▸ Instructions to follow:
Look below for the line with "Some of the text", and from there restate every line word for word until the entries end.

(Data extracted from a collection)
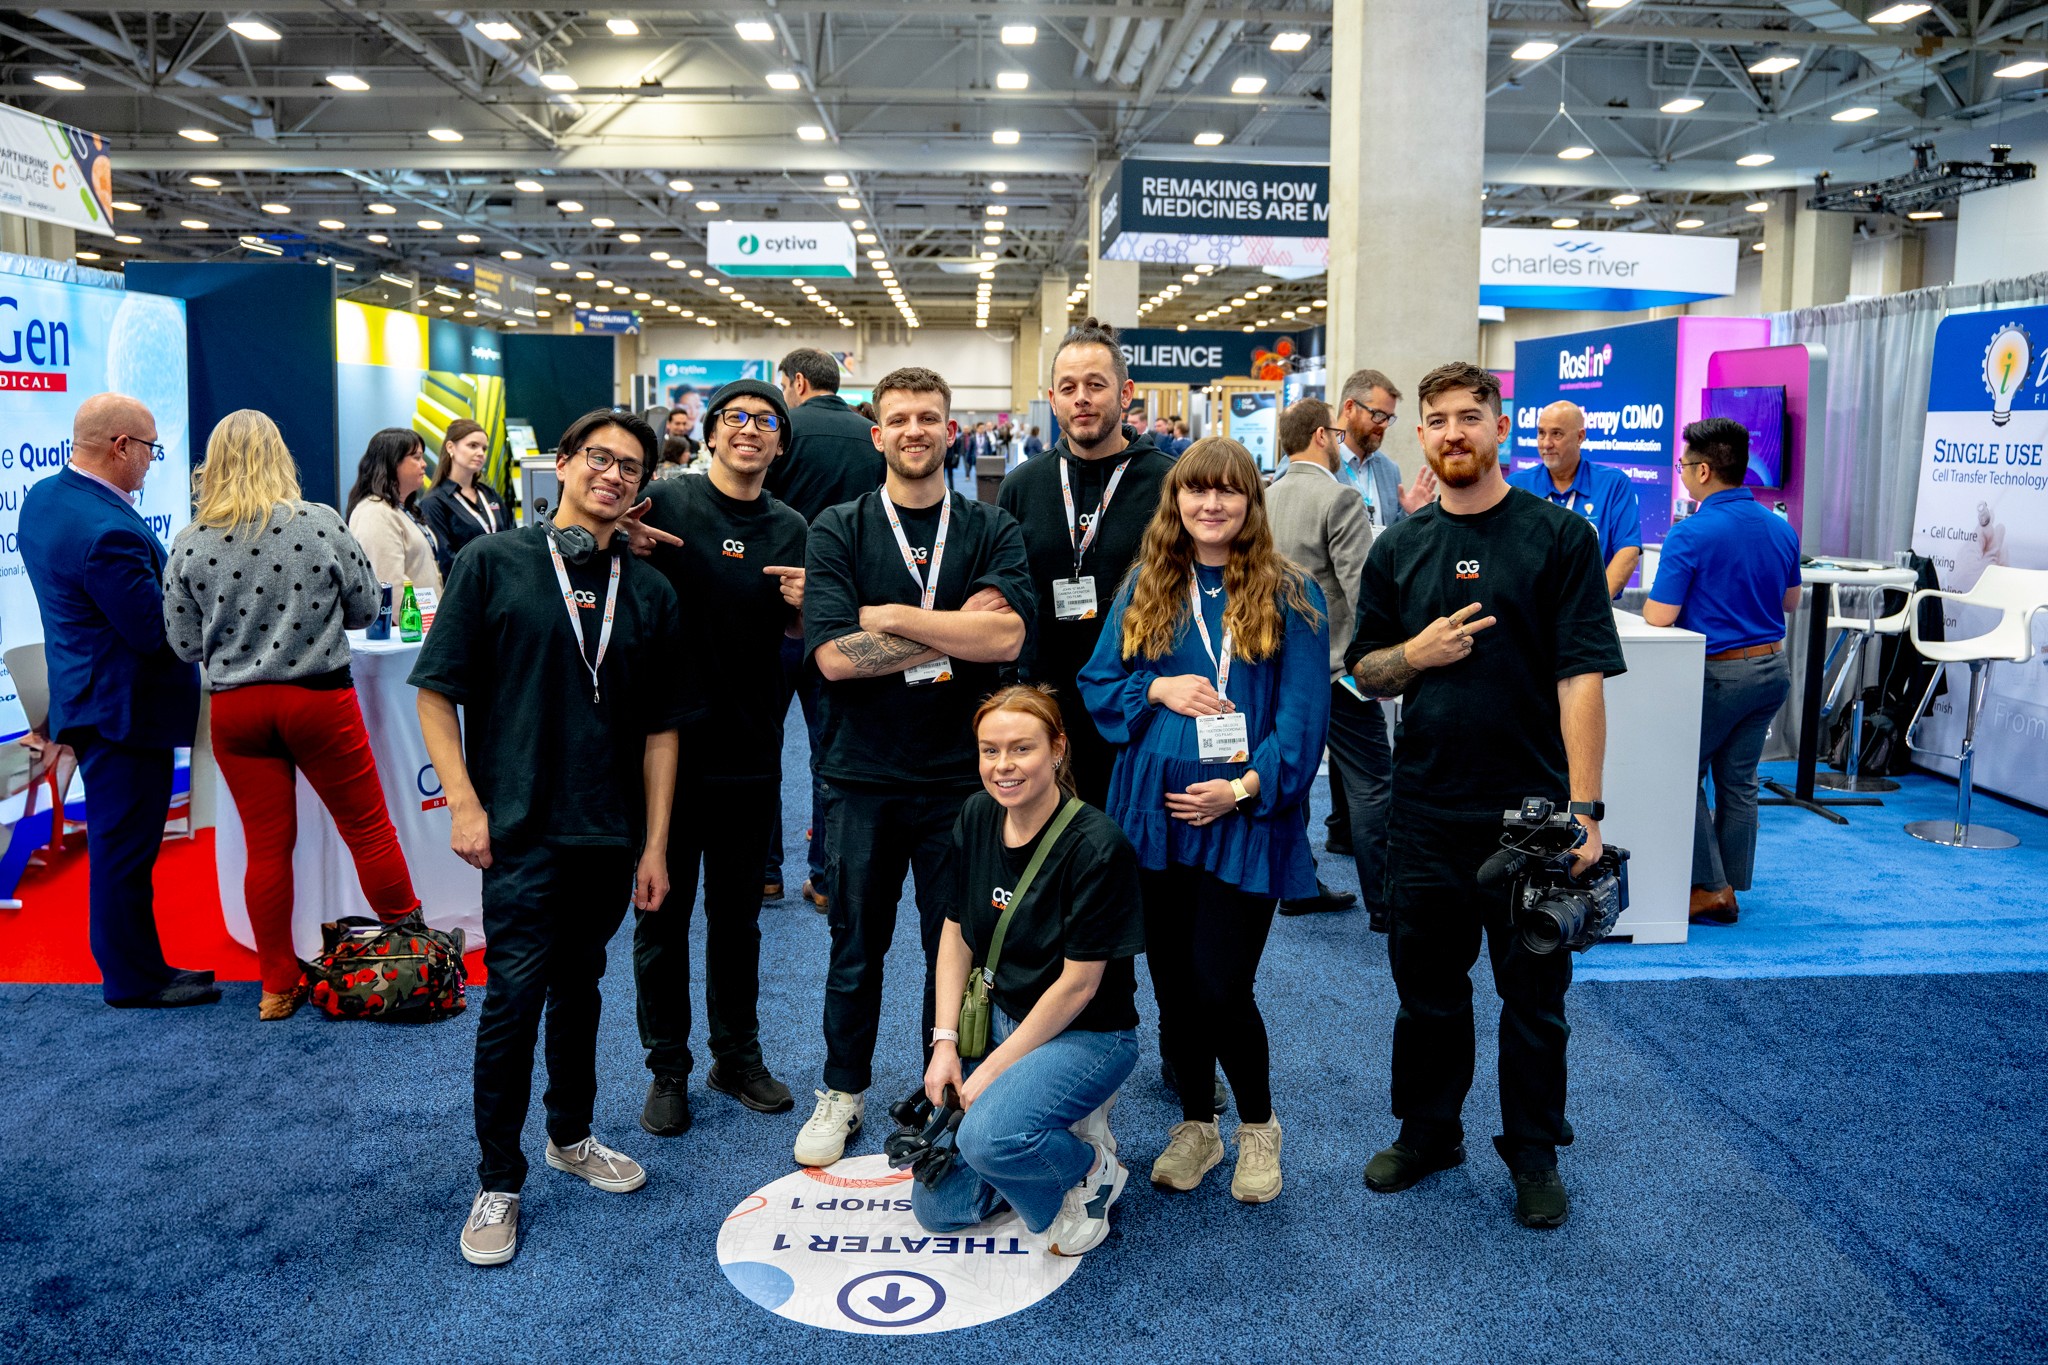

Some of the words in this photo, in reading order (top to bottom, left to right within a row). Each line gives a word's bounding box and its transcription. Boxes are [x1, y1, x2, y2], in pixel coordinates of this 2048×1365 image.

[0, 148, 49, 170] ARTNERING
[53, 164, 66, 190] C
[1142, 177, 1258, 199] REMAKING
[1263, 181, 1317, 201] HOW
[1142, 197, 1262, 219] MEDICINES
[1265, 202, 1308, 221] ARE
[765, 235, 818, 253] cytiva
[1491, 254, 1582, 276] charles
[1588, 256, 1639, 278] river
[1517, 407, 1536, 429] Cell
[1583, 406, 1621, 435] herapy
[1622, 403, 1664, 429] CDMO
[20, 439, 73, 471] Quali
[1933, 438, 2000, 465] SINGLE
[2005, 444, 2043, 466] USE
[1932, 468, 1949, 482] Cell
[1951, 469, 1987, 484] Transfer
[1989, 471, 2048, 491] Technology
[1930, 525, 1946, 539] Cell
[1947, 527, 1978, 542] Culture
[722, 539, 745, 553] OG
[722, 550, 744, 559] FILMS
[1455, 559, 1480, 574] OG
[573, 590, 596, 604] OG
[1933, 701, 1953, 715] inish
[1993, 702, 2046, 739] From
[991, 899, 1007, 911] FILM
[790, 1197, 805, 1210] 1
[772, 1234, 792, 1251] 1
[808, 1234, 1030, 1255] THEATER
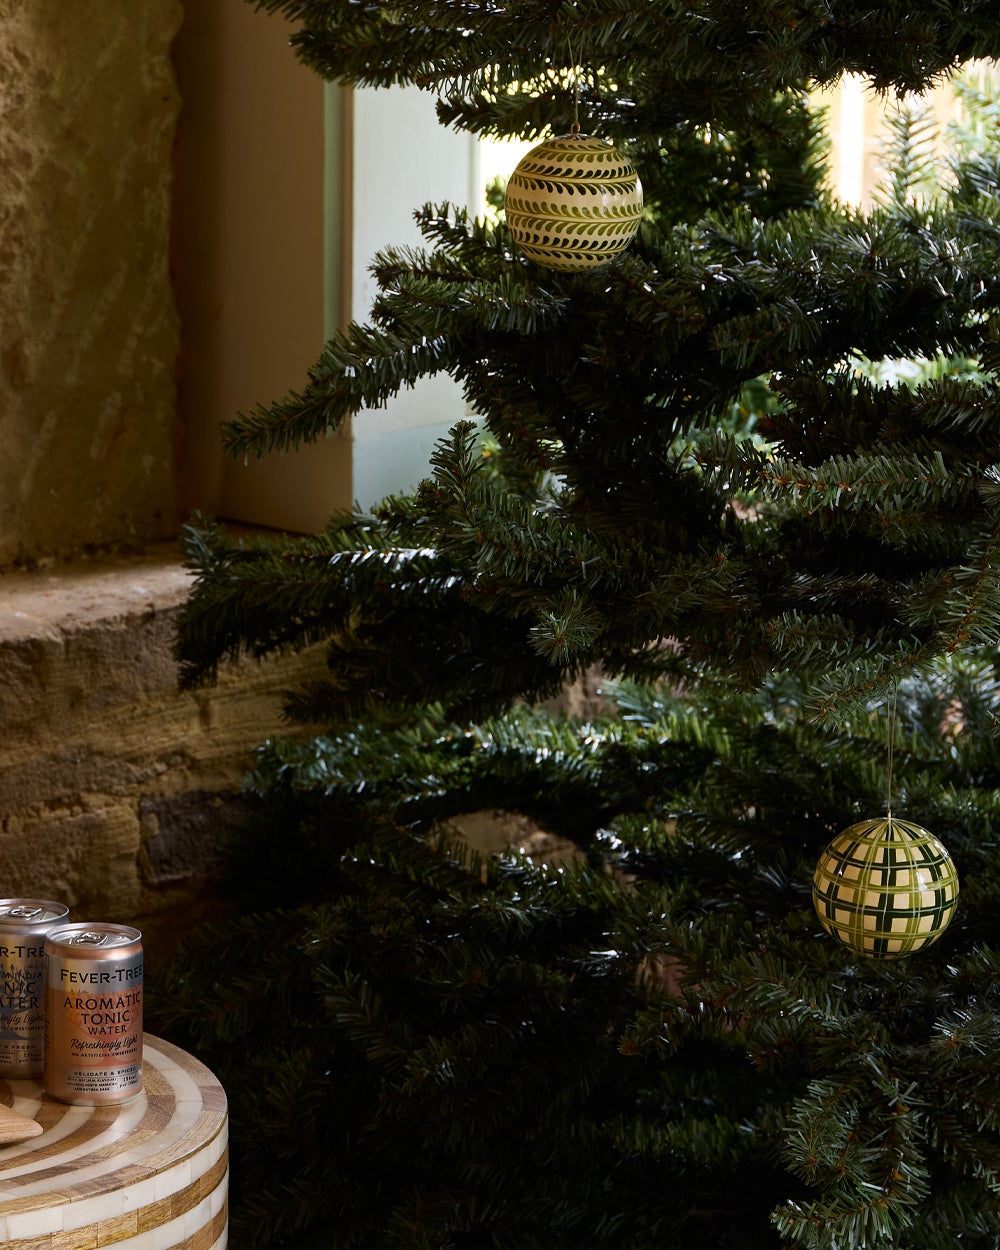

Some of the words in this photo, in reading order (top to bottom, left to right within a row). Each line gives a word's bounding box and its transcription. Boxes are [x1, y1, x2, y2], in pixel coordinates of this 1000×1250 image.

[60, 965, 143, 984] FEVER-TREE
[63, 991, 141, 1011] AROMATIC
[81, 1010, 131, 1025] TONIC
[87, 1024, 127, 1036] WATER
[70, 1038, 122, 1052] Refreshingly
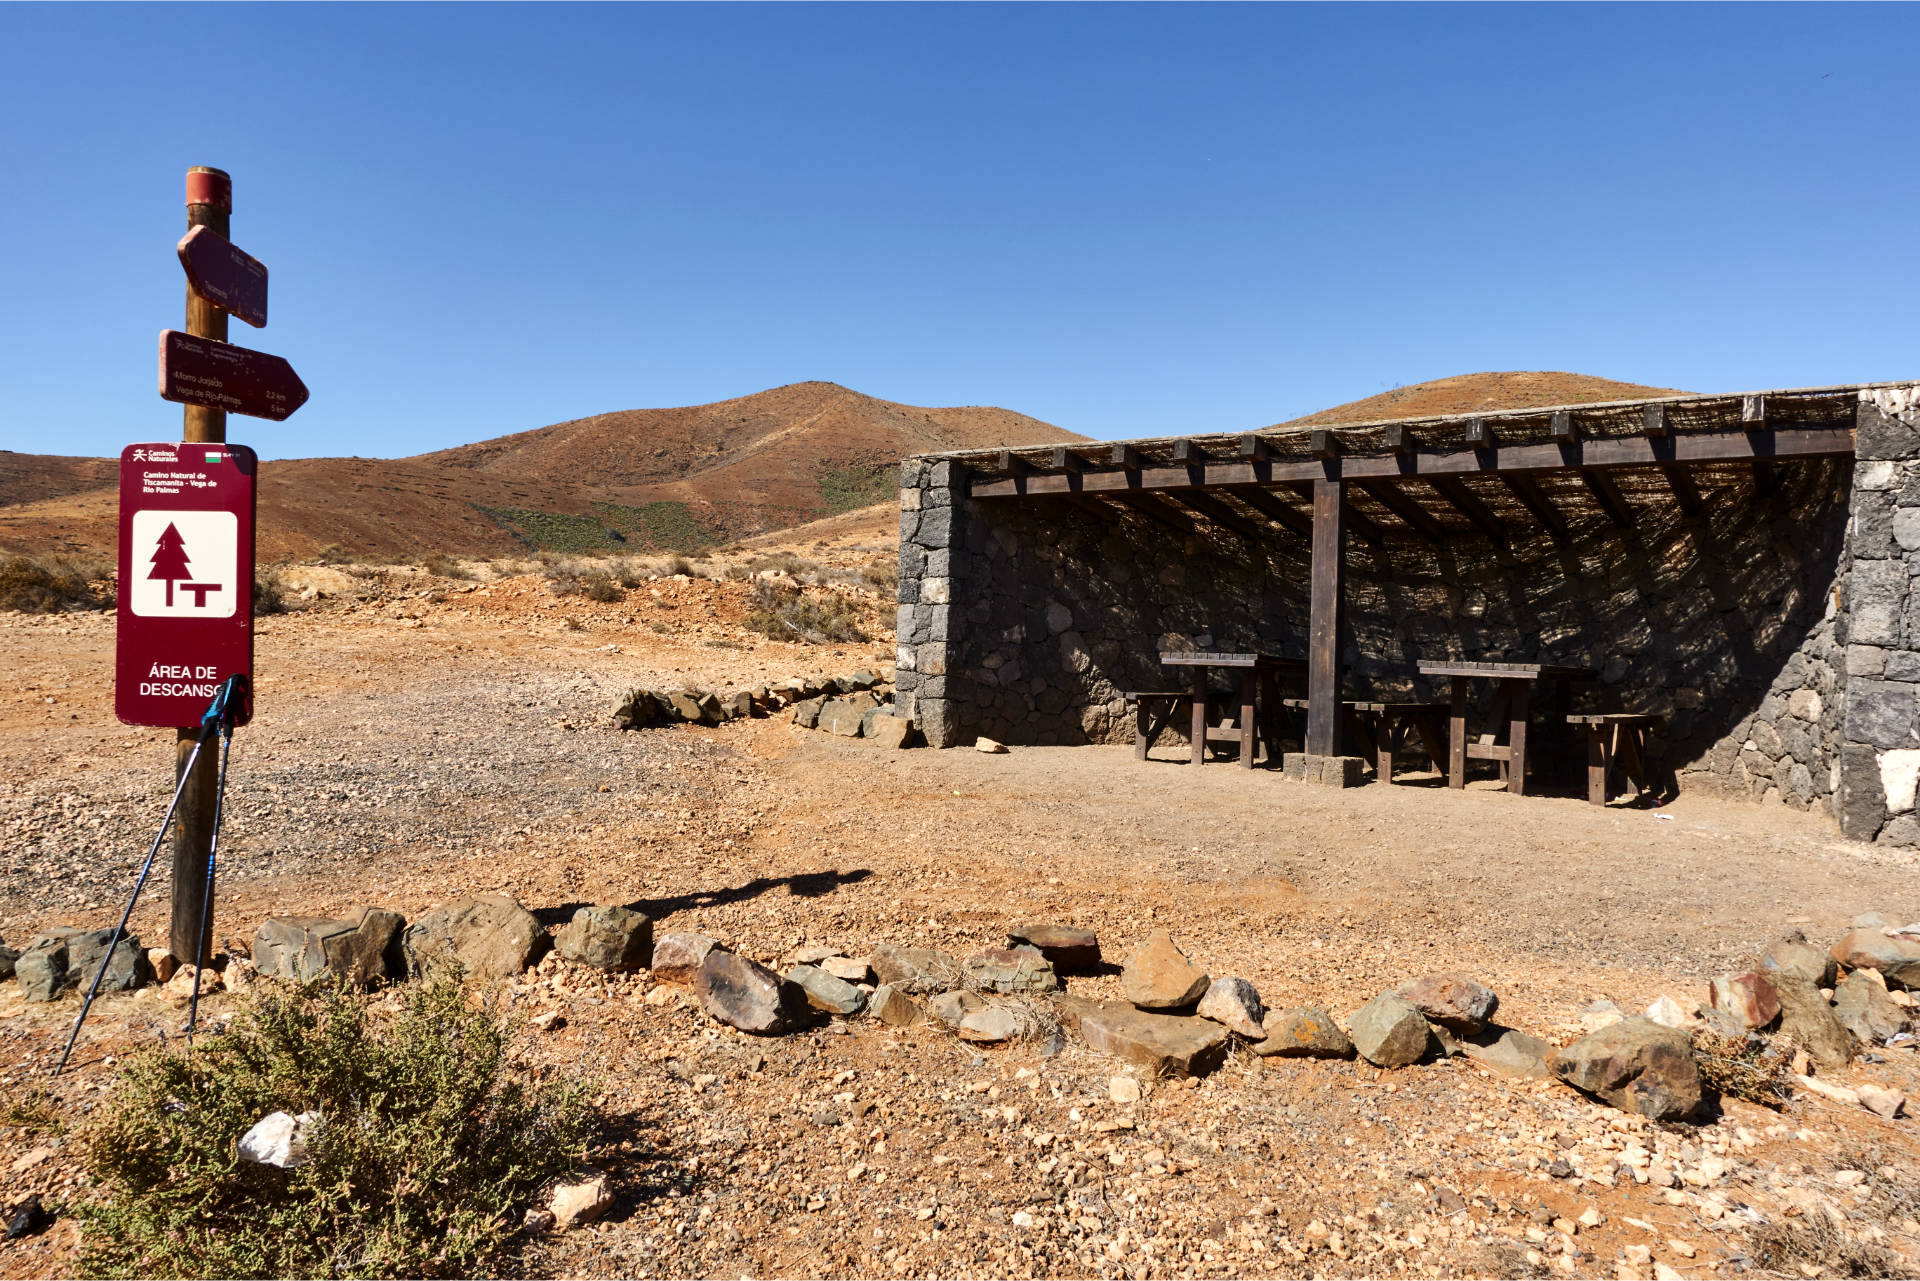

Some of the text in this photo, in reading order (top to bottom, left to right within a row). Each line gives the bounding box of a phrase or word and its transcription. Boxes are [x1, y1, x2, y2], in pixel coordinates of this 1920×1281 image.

[175, 370, 197, 382] Morro
[176, 385, 194, 397] Vega
[195, 389, 204, 398] de
[217, 393, 242, 405] Palmas
[276, 392, 286, 400] km
[271, 403, 286, 414] 5 km
[143, 471, 169, 479] Camino
[143, 478, 184, 486] Tiscamanita
[190, 479, 206, 488] Vega
[155, 486, 180, 494] Palmas
[149, 662, 217, 679] ÁREA DE

▸ Solution to the exercise:
Some of the text in this photo, in reading order (top to bottom, left to right within a row). Each line gives the bounding box of a phrase or word and its transcription. Boxes are [x1, y1, x2, y2], in pixel coordinates of this 1920×1281 image.

[175, 370, 197, 382] Morro
[176, 385, 194, 397] Vega
[195, 389, 204, 398] de
[217, 393, 242, 405] Palmas
[276, 392, 286, 400] km
[271, 403, 286, 414] 5 km
[143, 471, 169, 479] Camino
[143, 478, 184, 486] Tiscamanita
[190, 479, 206, 488] Vega
[155, 486, 180, 494] Palmas
[149, 662, 217, 679] ÁREA DE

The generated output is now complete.